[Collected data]
________

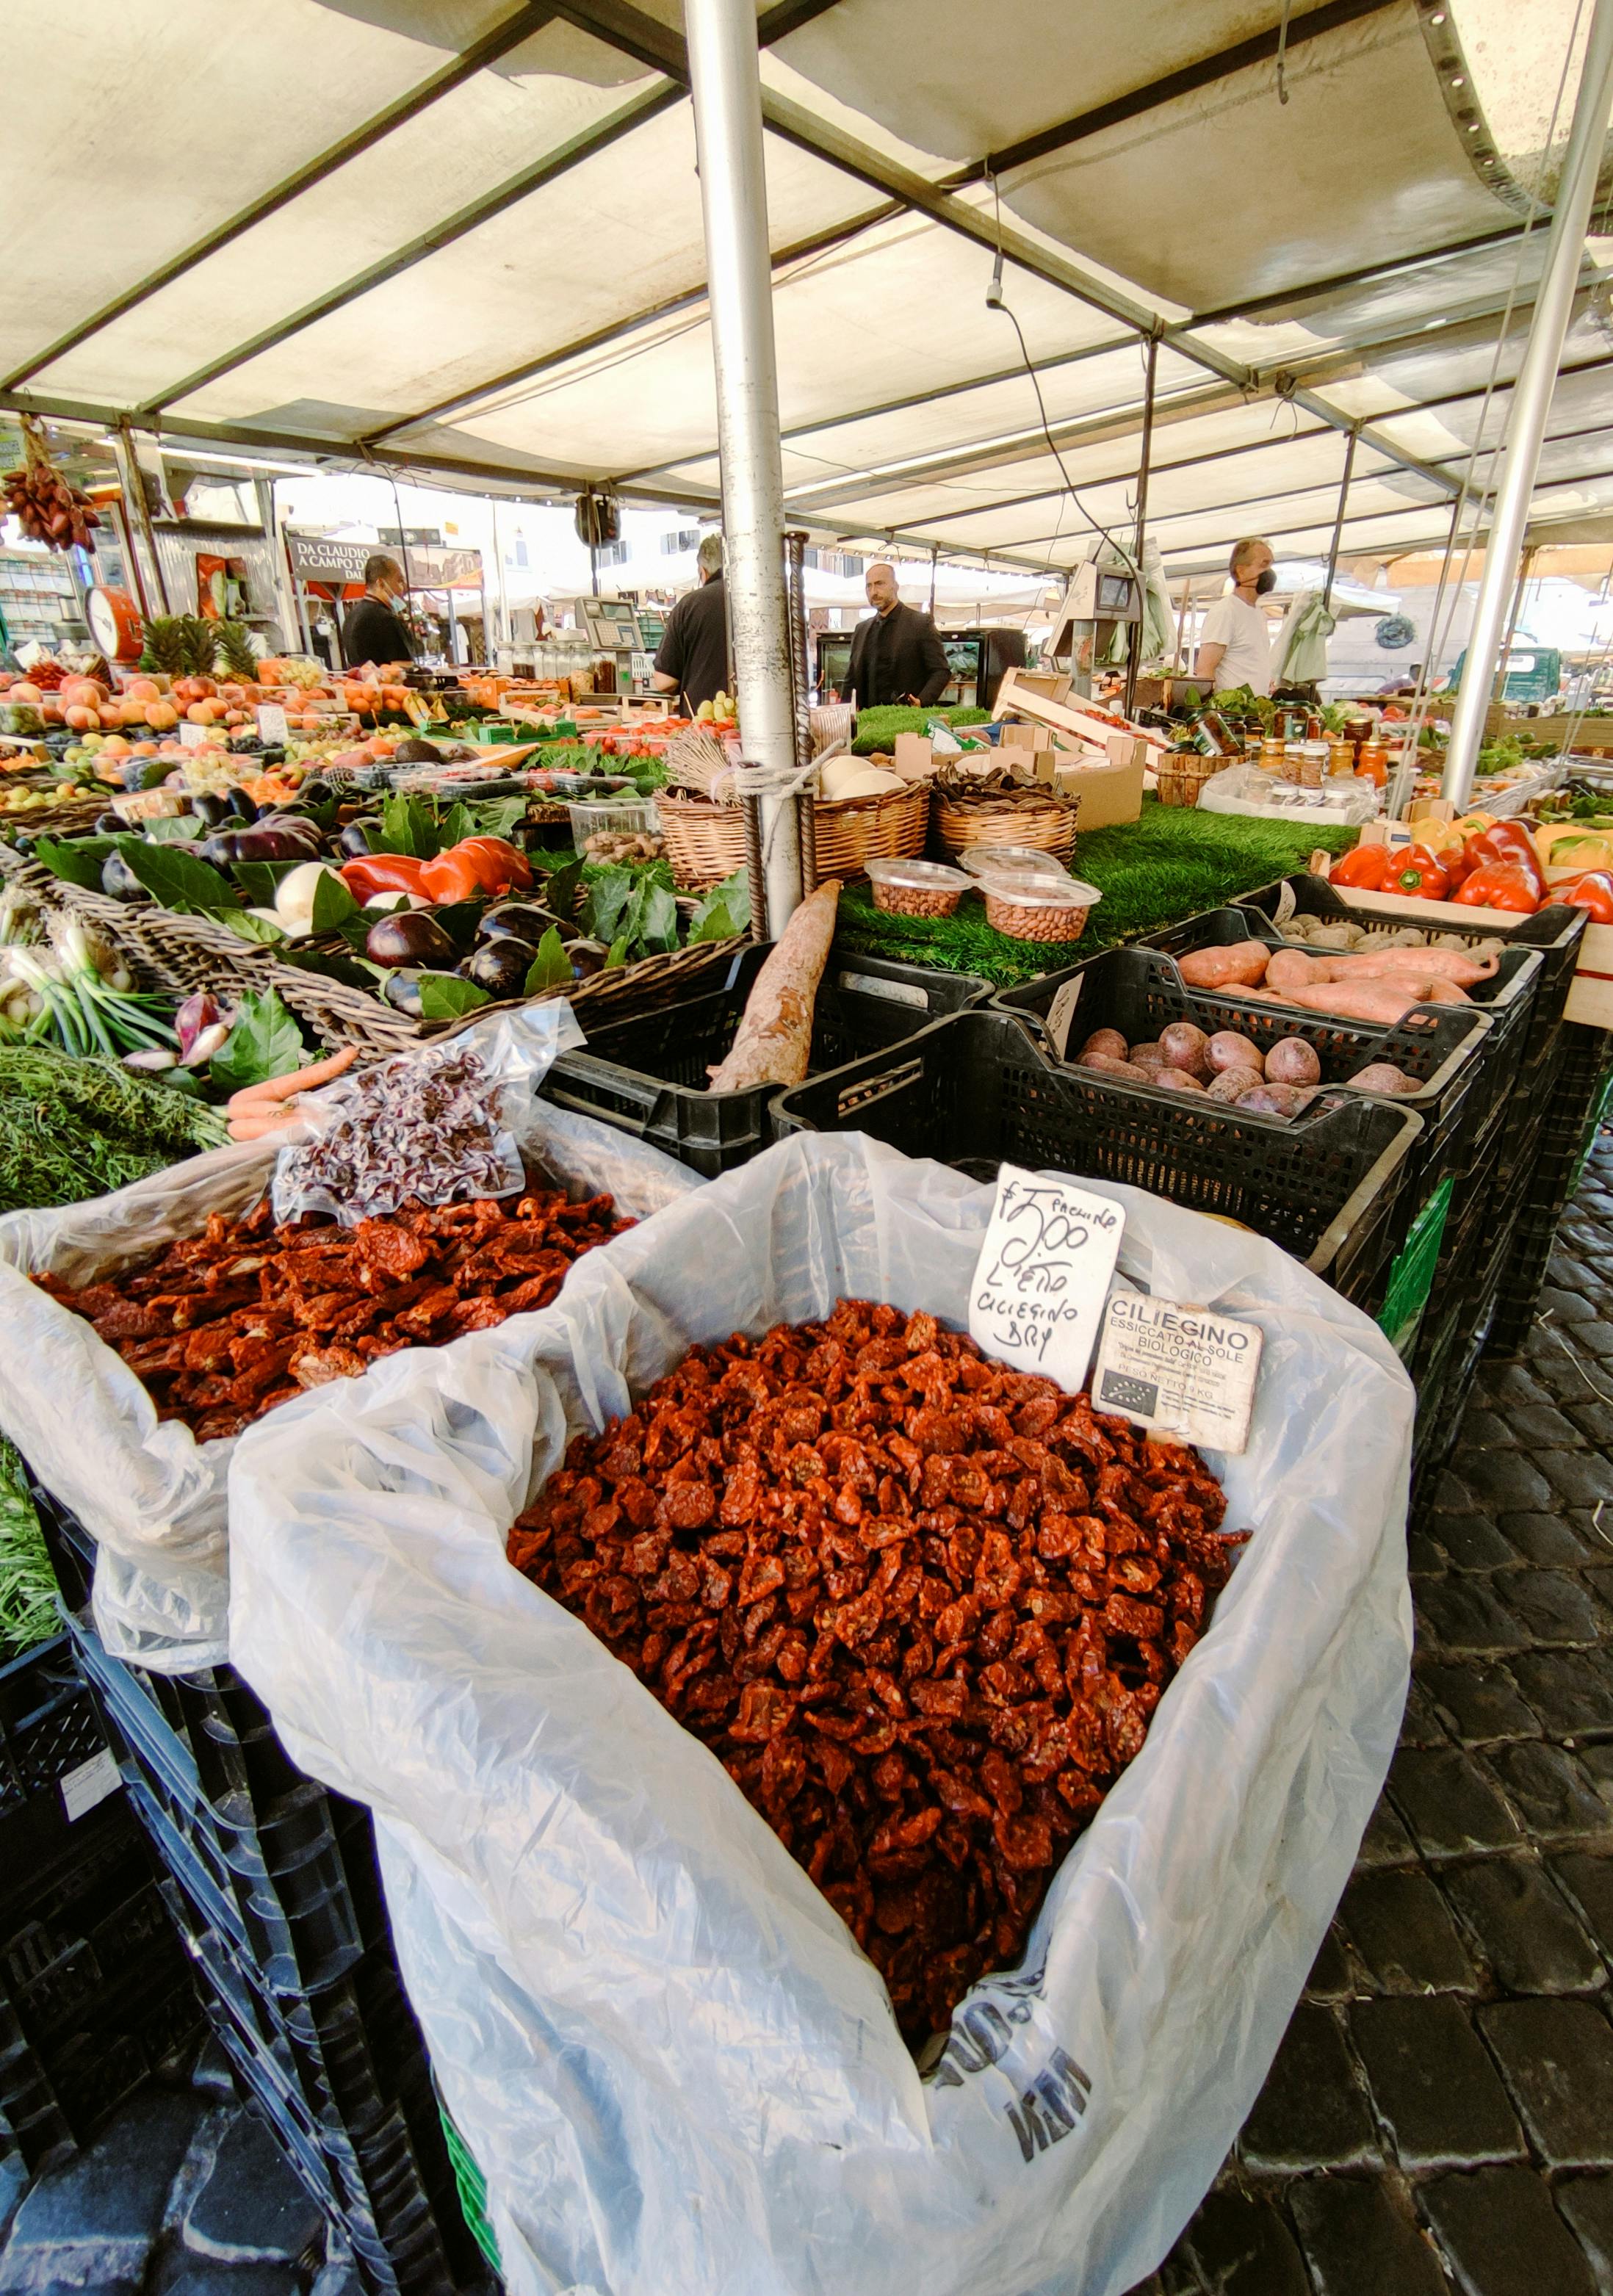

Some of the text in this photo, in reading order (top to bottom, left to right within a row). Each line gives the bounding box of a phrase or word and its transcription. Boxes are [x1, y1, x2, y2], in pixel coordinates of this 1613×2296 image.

[297, 542, 370, 559] DA CLAUDIO
[299, 556, 308, 566] A
[309, 556, 353, 569] CAMPO
[345, 570, 364, 580] DAL
[993, 1321, 1053, 1362] DRY
[1111, 1300, 1249, 1350] CILIEGINO
[1111, 1316, 1184, 1345] ESSICCATO
[1188, 1340, 1205, 1352] AL
[1208, 1346, 1244, 1364] SOLE
[1139, 1336, 1212, 1367] BIOLOGICO
[1119, 1364, 1147, 1379] PESO
[1150, 1373, 1187, 1391] NETTO
[1197, 1387, 1213, 1399] KG
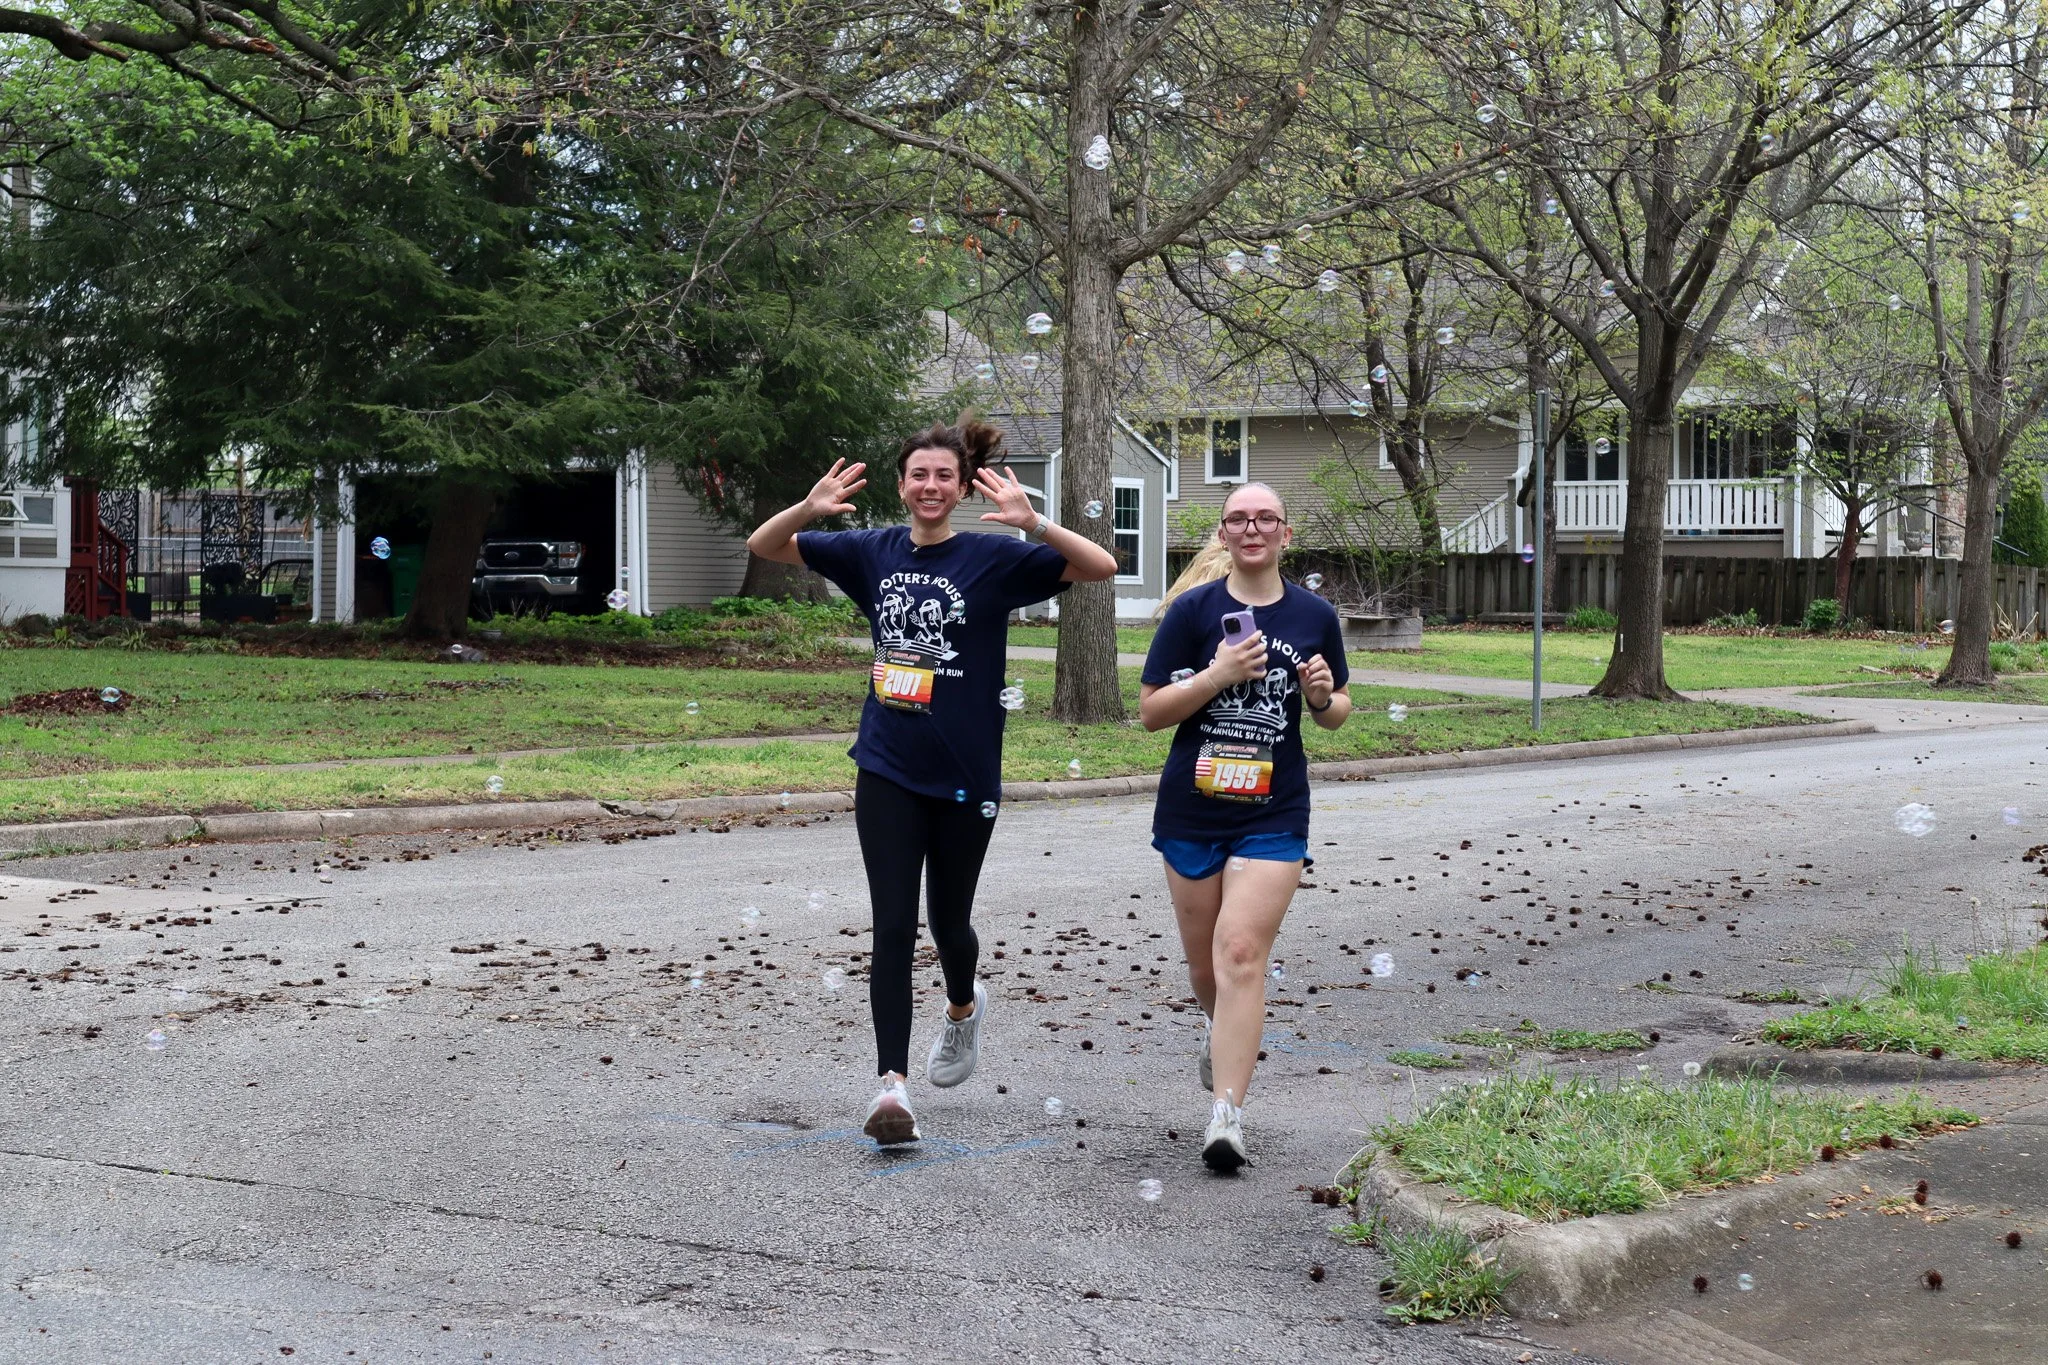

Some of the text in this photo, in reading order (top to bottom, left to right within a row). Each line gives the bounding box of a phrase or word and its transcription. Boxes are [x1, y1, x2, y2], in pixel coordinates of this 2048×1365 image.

[1271, 638, 1302, 664] HOU
[883, 668, 922, 697] 2001
[934, 667, 964, 678] UN RUN
[1211, 727, 1243, 738] ANNUAL
[1212, 763, 1261, 790] 1955

________

▶ What you are asked to do
Each record should be given again exactly, with no picture carried over.

▶ Exercise output
Some of the text in this photo, in reading order (top to bottom, left to right within a row). Each line gives the bounding box of a phrase or word and its transcription. Boxes are [x1, y1, x2, y2], in pixel coordinates of this 1613×2296 image.

[297, 542, 370, 559] DA CLAUDIO
[299, 556, 308, 566] A
[309, 556, 353, 569] CAMPO
[345, 570, 364, 580] DAL
[993, 1321, 1053, 1362] DRY
[1111, 1300, 1249, 1350] CILIEGINO
[1111, 1316, 1184, 1345] ESSICCATO
[1188, 1340, 1205, 1352] AL
[1208, 1346, 1244, 1364] SOLE
[1139, 1336, 1212, 1367] BIOLOGICO
[1119, 1364, 1147, 1379] PESO
[1150, 1373, 1187, 1391] NETTO
[1197, 1387, 1213, 1399] KG

Some of the text in this photo, in reading order (top to bottom, left to right within a row). Each line gives the bounding box of a phrase or word and its transcription. Boxes are [x1, y1, x2, y2], in pixel coordinates of this 2048×1365 image.

[1271, 638, 1302, 664] HOU
[883, 668, 922, 697] 2001
[934, 667, 964, 678] UN RUN
[1211, 727, 1243, 738] ANNUAL
[1212, 763, 1261, 790] 1955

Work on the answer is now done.